I 90 anni di Ferruccio Soleri. Intervista

«Strehler me lo ripeteva a ogni compleanno: Ferruccio, com’è che tu invecchi e il tuo Arlecchino è sempre più giovane?». Alla vigilia dei 90 anni, Ferruccio Soleri ricorda la battuta del grande regista che ha fatto di lui l’Arlecchino sommo del teatro. E sul suo viso immobile, tutta la vita uso a celare le emozioni dietro la maschera, spunta l’ombra di un sorriso.
Il 6 novembre saranno 90 anni, quasi 60 passati con Arlecchino. E da due vi siete detti addio. Le manca? 
«No perché la fatica fisica era ormai troppa. Si perché se il mio corpo è ancora agile lo devo a lui. Per reggere tutte quelle capriole la disciplina è stata ferrea, dieta, ginnastica, scale di corsa... Una vita da atleta. Ma a un certo punto devi fermarti.

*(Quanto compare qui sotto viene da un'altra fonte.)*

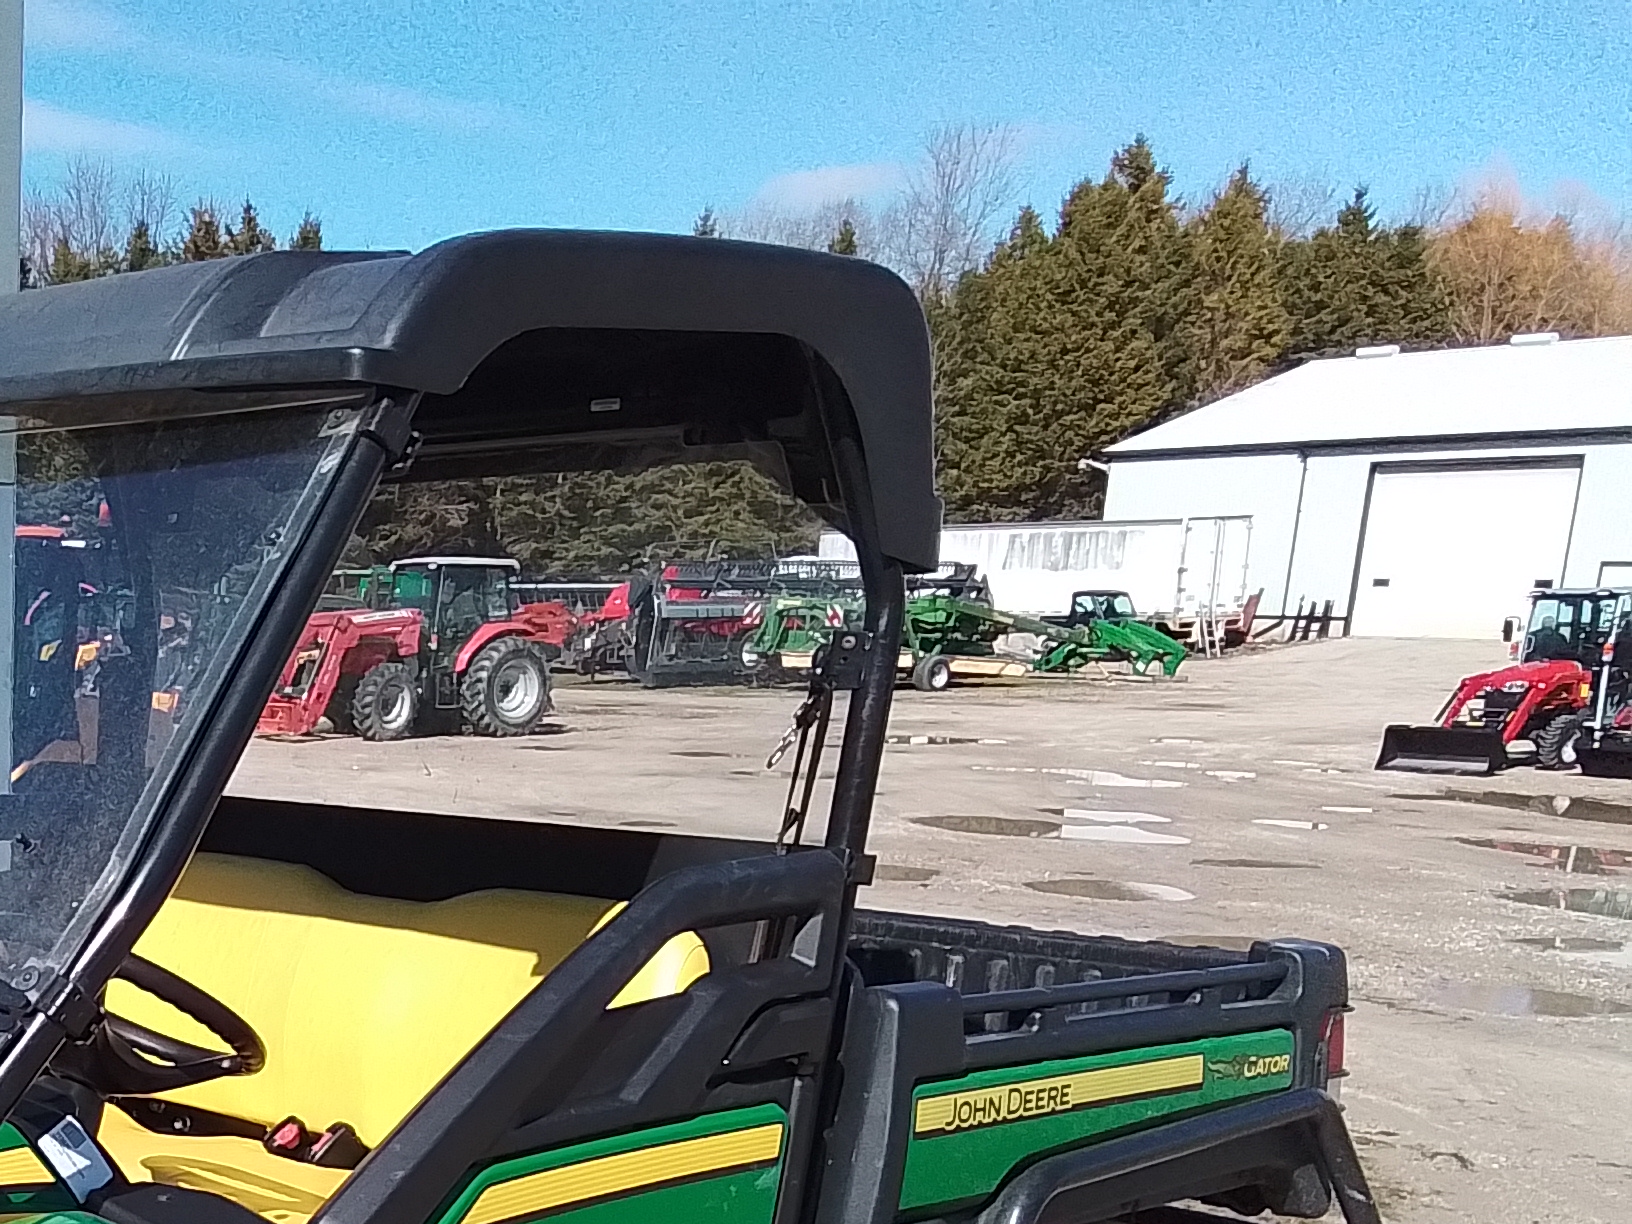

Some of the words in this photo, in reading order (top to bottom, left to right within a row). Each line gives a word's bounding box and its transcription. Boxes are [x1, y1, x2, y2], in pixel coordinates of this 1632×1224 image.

[1243, 1054, 1291, 1077] GATOR
[945, 1091, 1001, 1126] JOHN
[1007, 1084, 1072, 1116] DEERE
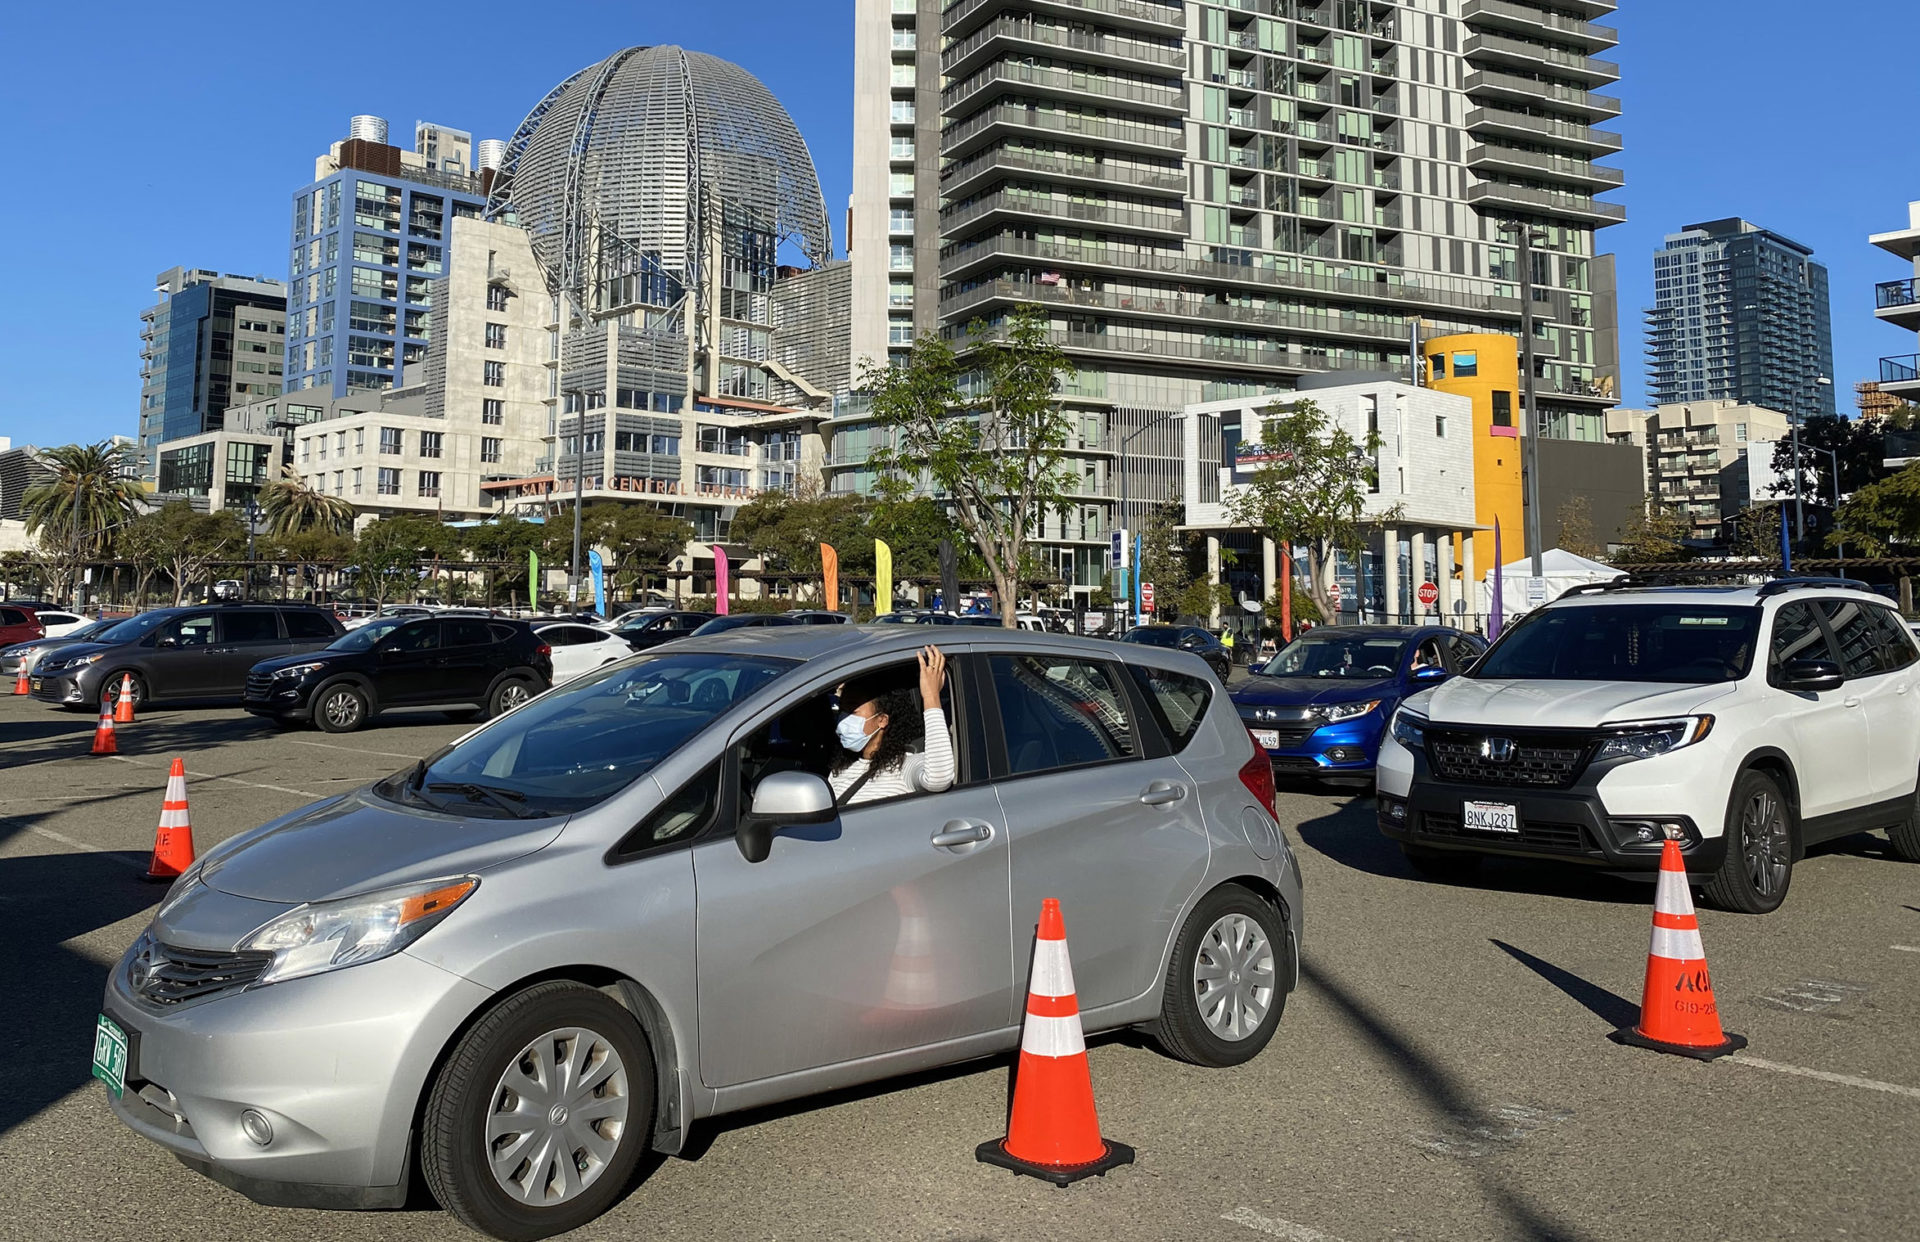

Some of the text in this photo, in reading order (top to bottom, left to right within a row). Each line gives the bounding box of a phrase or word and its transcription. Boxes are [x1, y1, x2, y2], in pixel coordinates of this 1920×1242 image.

[521, 476, 763, 501] SAN DIEO CENTRAL LIBRAR
[1419, 588, 1438, 599] STOP
[1467, 810, 1514, 829] 8NKJ287
[1675, 970, 1711, 992] AC
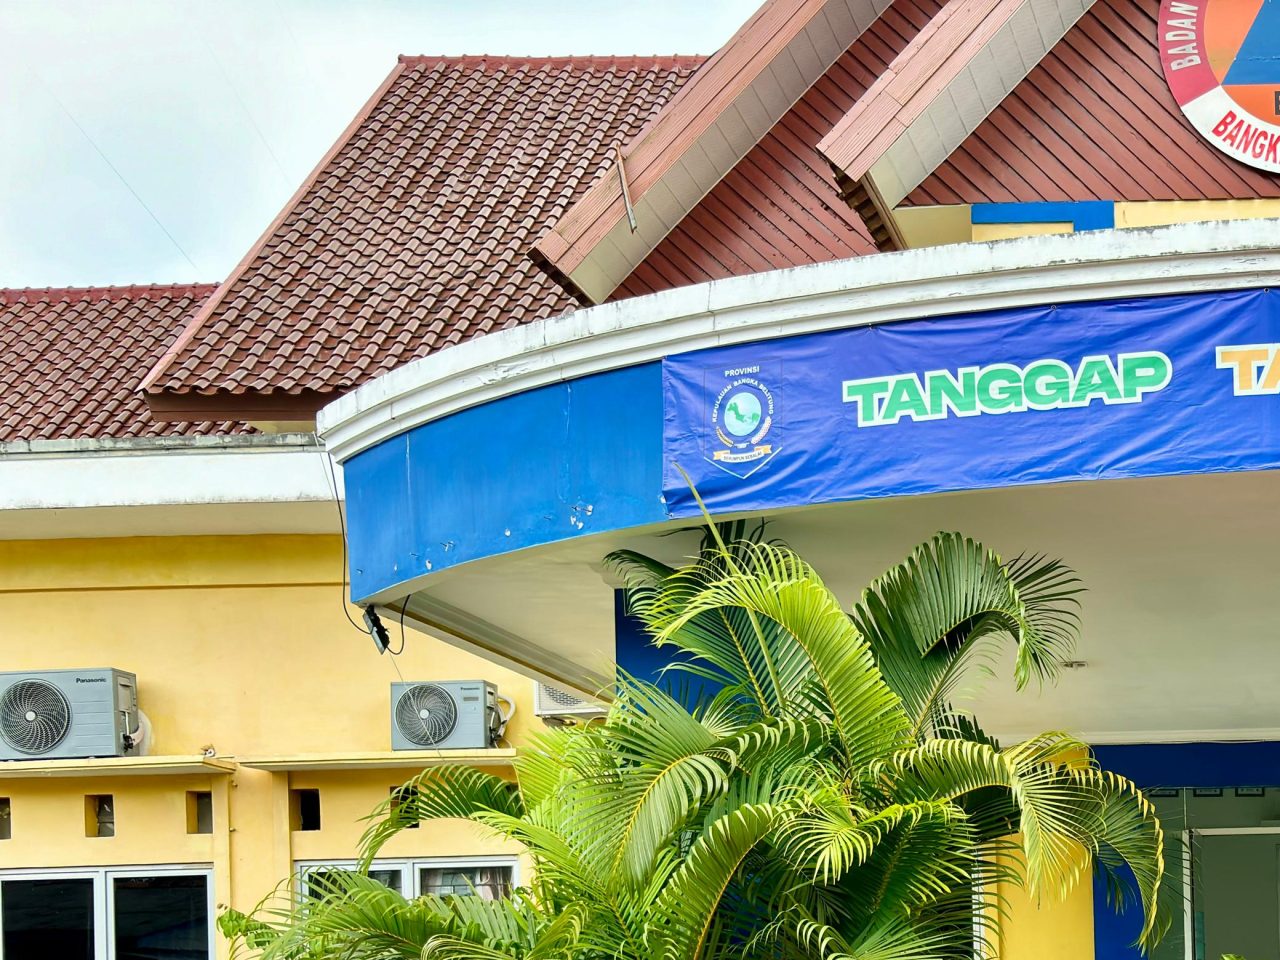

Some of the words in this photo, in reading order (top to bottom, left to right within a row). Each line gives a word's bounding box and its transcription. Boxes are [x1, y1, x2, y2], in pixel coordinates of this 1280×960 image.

Per te e per la memoria che il pubblico ha del tuo personaggio. Certo che mi manca, mi manca il contatto con la gente, gli applausi, le risate... Lui e io eravamo una coppia di ferro. Ho riposto il costume a toppe nell’armadio. Dove peraltro l’avevo trovato».
Com’è successo?
«Avevo 7 anni, ero andato con i miei in vacanza al Lido di Camaiore, ospiti di un celebre attore, Antonio Gandusio. Nella cameretta destinata a me c’era un armadio, dentro un vestito cucito con pezze di tanti colori. Degno di uno straccione o di un re. Lo guardai incantato. Mai avrei pensato che sarebbe stato la divisa della mia vita. Un segno del destino». 
Destino non comune, come si diventa Arlecchino?
«La mia passione era il circo, ma in famiglia non era un mestiere ben visto. Volevo fare anche il calciatore, ma mi ruppi una gamba. Mi sono iscritto a Fisica e Matematica, ma il teatro mi attirava di più. Traslocai a Roma, all’Accademia Silvio D’Amico. Dove il mio maestro, Orazio Costa, colpito dal mio talento acrobatico, mi disse: tu sei un Arlecchino». 
Sentenza impegnativa.
«Obiettai che ero di Firenze... A darmi lezione di veneto fu Gastone Moschin. Al saggio finale venne Marcello Moretti, Arlecchino leggendario, gli piacqui, ne parlò con Strehler. Che mi chiamò al Piccolo, volle vedermi all’opera e mi propose di andare in tournée a New York come rimpiazzo di Moretti». 
Così fu? 
«La sera del 28 febbraio 1960 toccò a me. A sipario ancora chiuso, io con il braccio alzato nel tipico gesto di Arlecchino, sento annunciare che avrei sostituito Moretti. E la platea esplose in un boato di proteste. Fischiato prima di cominciare. Mi sentii afflosciare. A raddrizzarmi arrivò la voce di Paolo Grassi che da dietro le quinte sibilò con la sua erre moscia: “Soleri, per Dio, su quel braccio!” Cominciai come in trance, poco per volta mi resi conto che stavano ridendo. Alla fine un altro boato, stavolta di applausi». 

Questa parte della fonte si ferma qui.